BEGIN EXTRACTED ENTRIES

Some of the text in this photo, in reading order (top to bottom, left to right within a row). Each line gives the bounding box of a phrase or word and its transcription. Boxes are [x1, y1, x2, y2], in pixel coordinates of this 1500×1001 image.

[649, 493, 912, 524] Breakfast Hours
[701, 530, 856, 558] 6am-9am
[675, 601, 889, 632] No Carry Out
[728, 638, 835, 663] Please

END EXTRACTED ENTRIES

WHAT YOU HAVE TO DO:
Reproduce every record above exactly.

TASK OUTPUT:
Some of the text in this photo, in reading order (top to bottom, left to right within a row). Each line gives the bounding box of a phrase or word and its transcription. Boxes are [x1, y1, x2, y2], in pixel coordinates of this 1500×1001 image.

[649, 493, 912, 524] Breakfast Hours
[701, 530, 856, 558] 6am-9am
[675, 601, 889, 632] No Carry Out
[728, 638, 835, 663] Please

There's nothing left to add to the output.